I’ve had Byron for about a month now, and he’s already been a great companion. He hasn’t warmed up to sleeping with me at night, but he frequently sleeps in my lap, and follows me around the house, even going so far as to lie on the bathmat to watch me whenever I’m making a nice BM. He also rarely stops moving, which makes him especially difficult to photograph. Like Dolly, he can be quite a vocal cat, and will meow repeatedly when he knows he’s about to be fed or if I call his name.
I can tell he’s already grown in the short time I’ve had him. It’s always fun to see how all the parts of kitties develop at different rates; right now he has big ears and a full tail, though his big mitts are more likely due to his breed. His face is also quite mature, though it isn’t particularly striking or unique.
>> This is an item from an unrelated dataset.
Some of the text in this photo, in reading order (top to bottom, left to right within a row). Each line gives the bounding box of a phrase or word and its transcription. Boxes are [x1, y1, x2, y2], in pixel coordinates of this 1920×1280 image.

the kitten formerly known as Bart
It was a bit of process before I finally had Byron in my possession. Since I got back from my trip to Europe, I’d check the Humane Society website a few times a day, and when I finally saw a suitable kitten1, I drove down to the shelter, only to find this kitten being adopted right in front of me. Seeing as how I’d made the drive across town, I stayed to look for other candidates. There I found myself in rooms filled with adorable little kitties, some of which jumped in my lap and licked my hand and did other things which generally made them impossible to put down. Unfortunately, none of them were exactly what I wanted, and since this was a decision that would potentially stay with me for the next 20 years, I knew I should try another time for the right one. I’d never felt more like a responsible adult than when I walked out of there empty-handed, after having had my heart set on going home with a new kitty.
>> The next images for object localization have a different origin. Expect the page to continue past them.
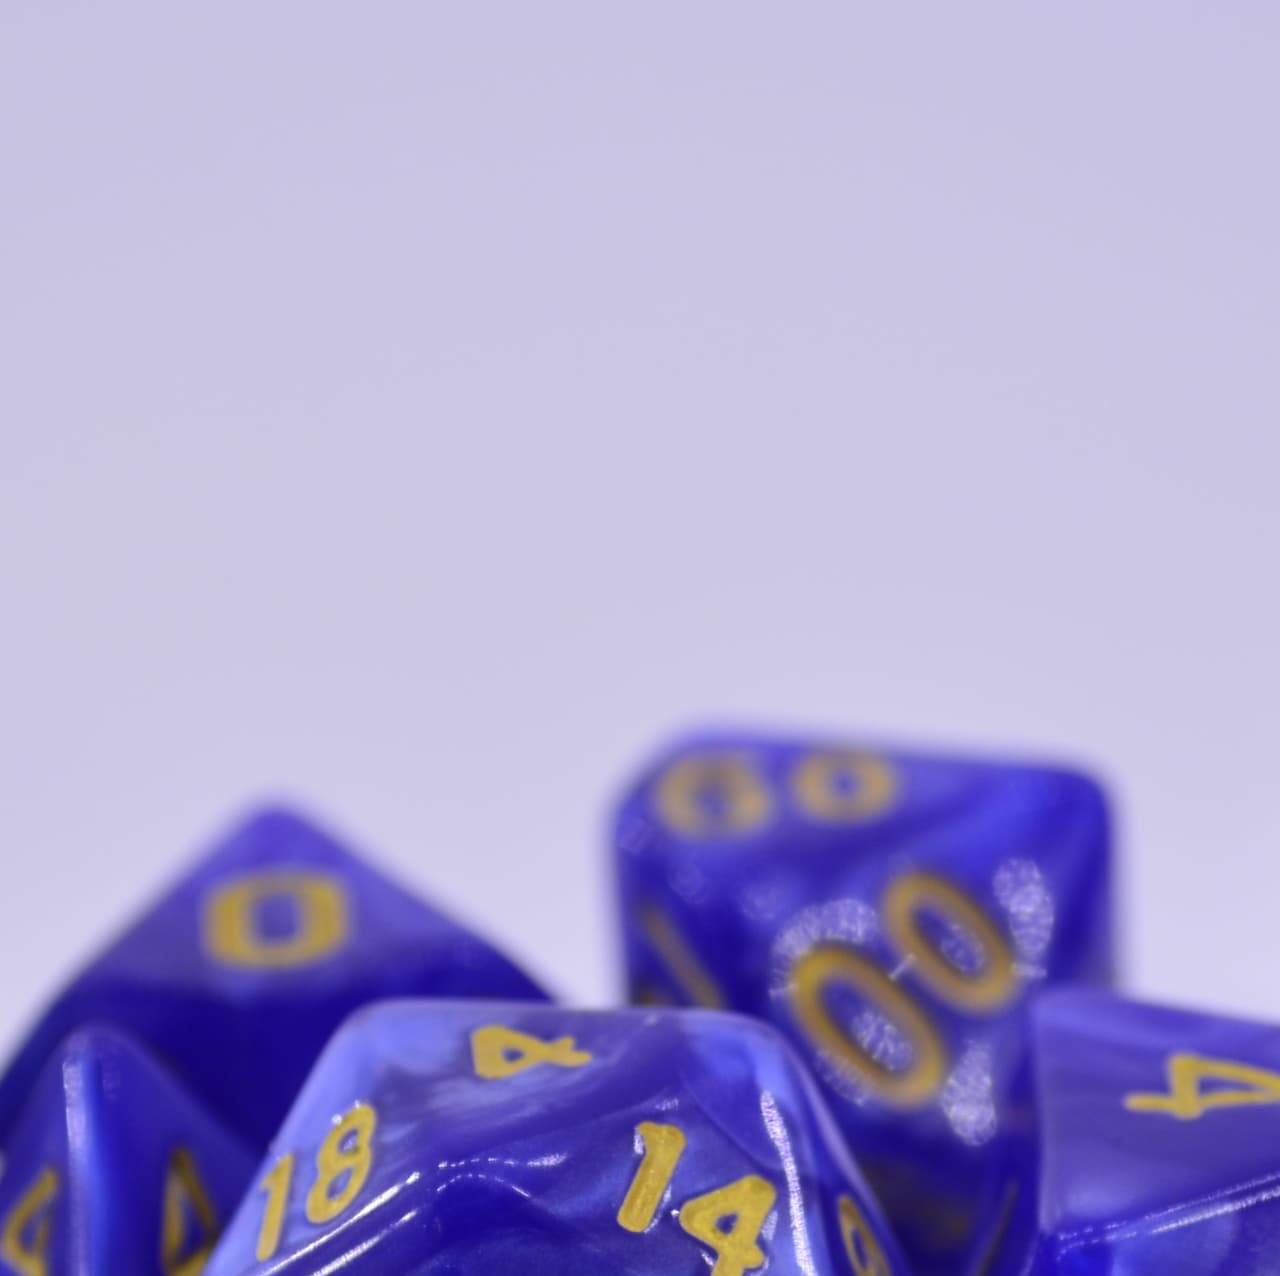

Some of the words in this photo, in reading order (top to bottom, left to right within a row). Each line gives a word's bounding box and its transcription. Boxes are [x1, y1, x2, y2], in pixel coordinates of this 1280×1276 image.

[204, 868, 348, 968] 0
[790, 868, 1022, 1106] 00
[470, 1024, 593, 1079] 4
[255, 1104, 377, 1261] 18
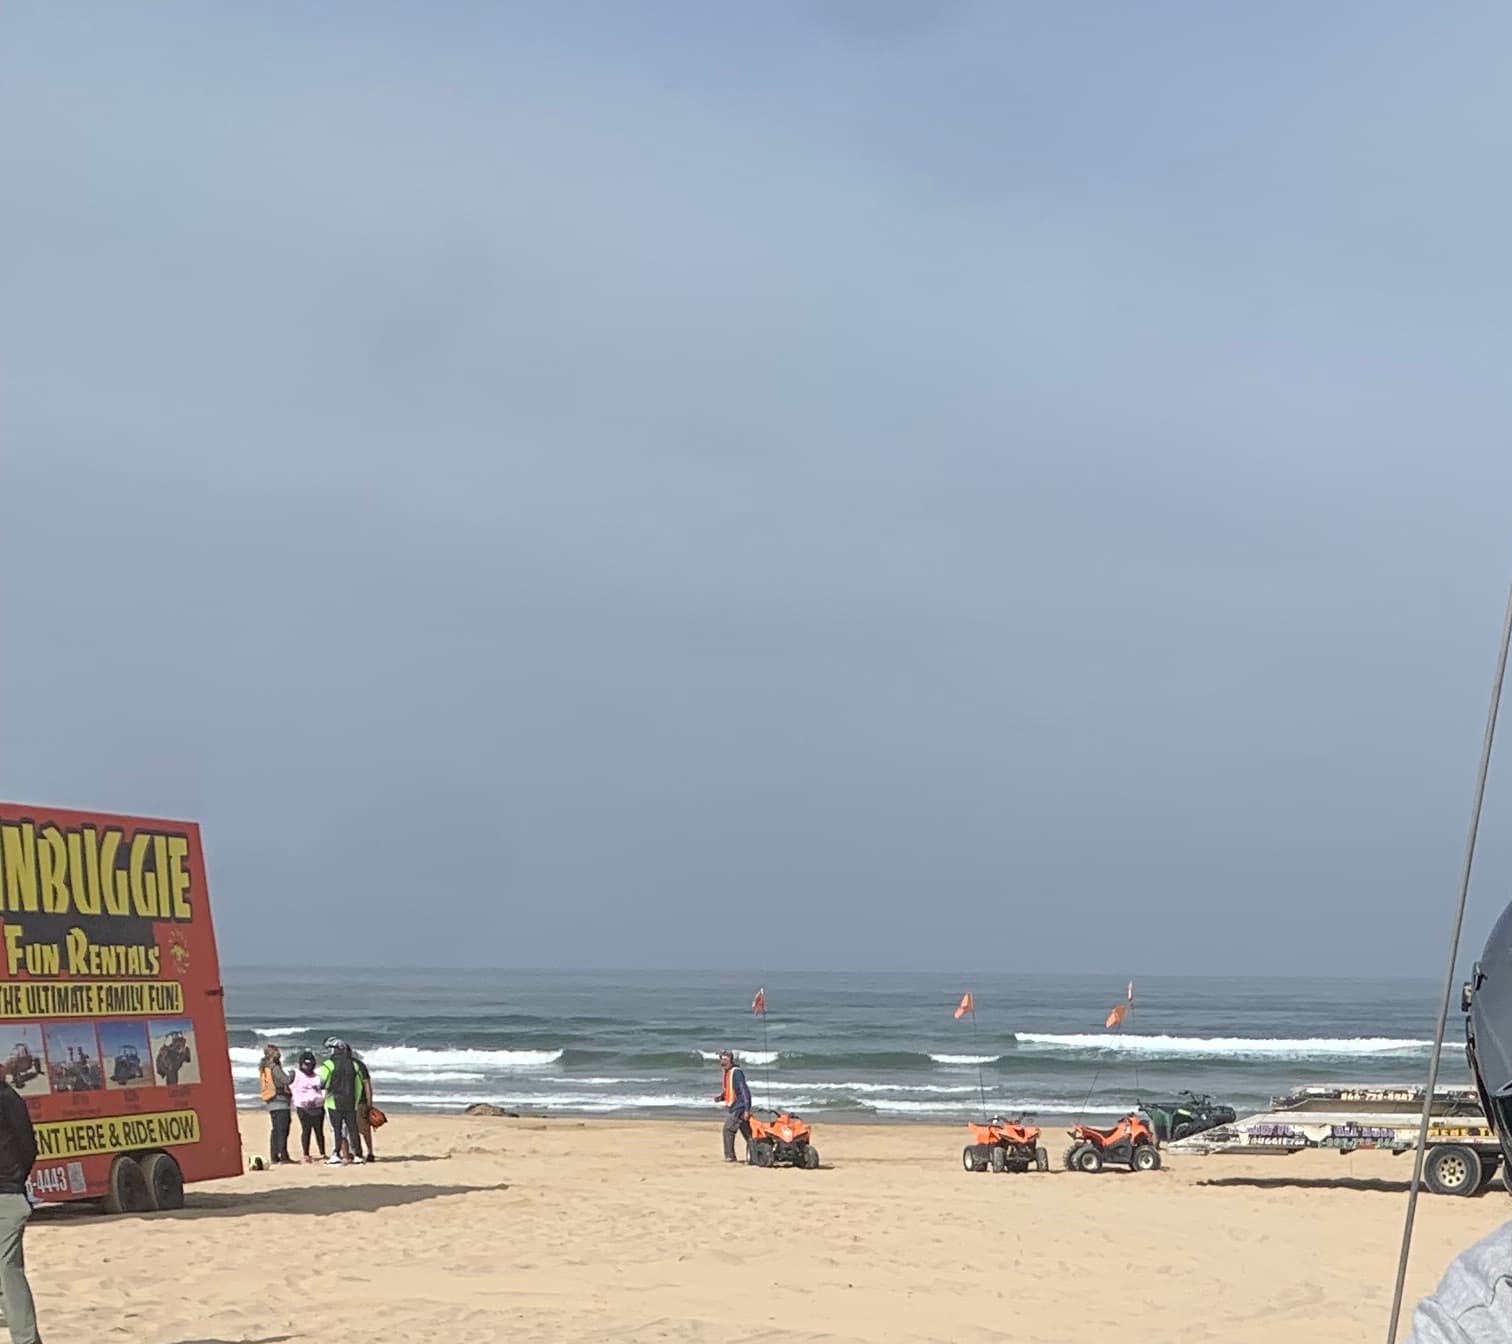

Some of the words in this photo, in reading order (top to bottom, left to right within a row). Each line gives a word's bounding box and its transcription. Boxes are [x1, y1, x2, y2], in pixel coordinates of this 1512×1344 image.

[0, 822, 192, 919] NBUGGIE
[3, 924, 59, 976] FUN
[66, 927, 161, 976] RENTALS
[0, 985, 22, 1015] HE
[25, 985, 93, 1014] ULTIMATE
[97, 984, 144, 1012] FAMILY
[148, 983, 180, 1011] FUN!
[33, 1128, 61, 1155] NT
[64, 1125, 106, 1153] HERE
[109, 1123, 122, 1148] &
[122, 1119, 158, 1146] RIDE
[158, 1115, 195, 1142] NOW
Eventually, I saw a mackerel tabby on the website with wild markings and a somewhat stocky frame, so I drove down to the Humane Society right away. There they had him in a cage with another kitten, asleep at first, but soon anxious to be let out when I got his attention. When I took him out, a brief inspection revealed that he had a beautifully lush coat and an alert demeanor, and I could tell he was the right one not long after a bit of playing.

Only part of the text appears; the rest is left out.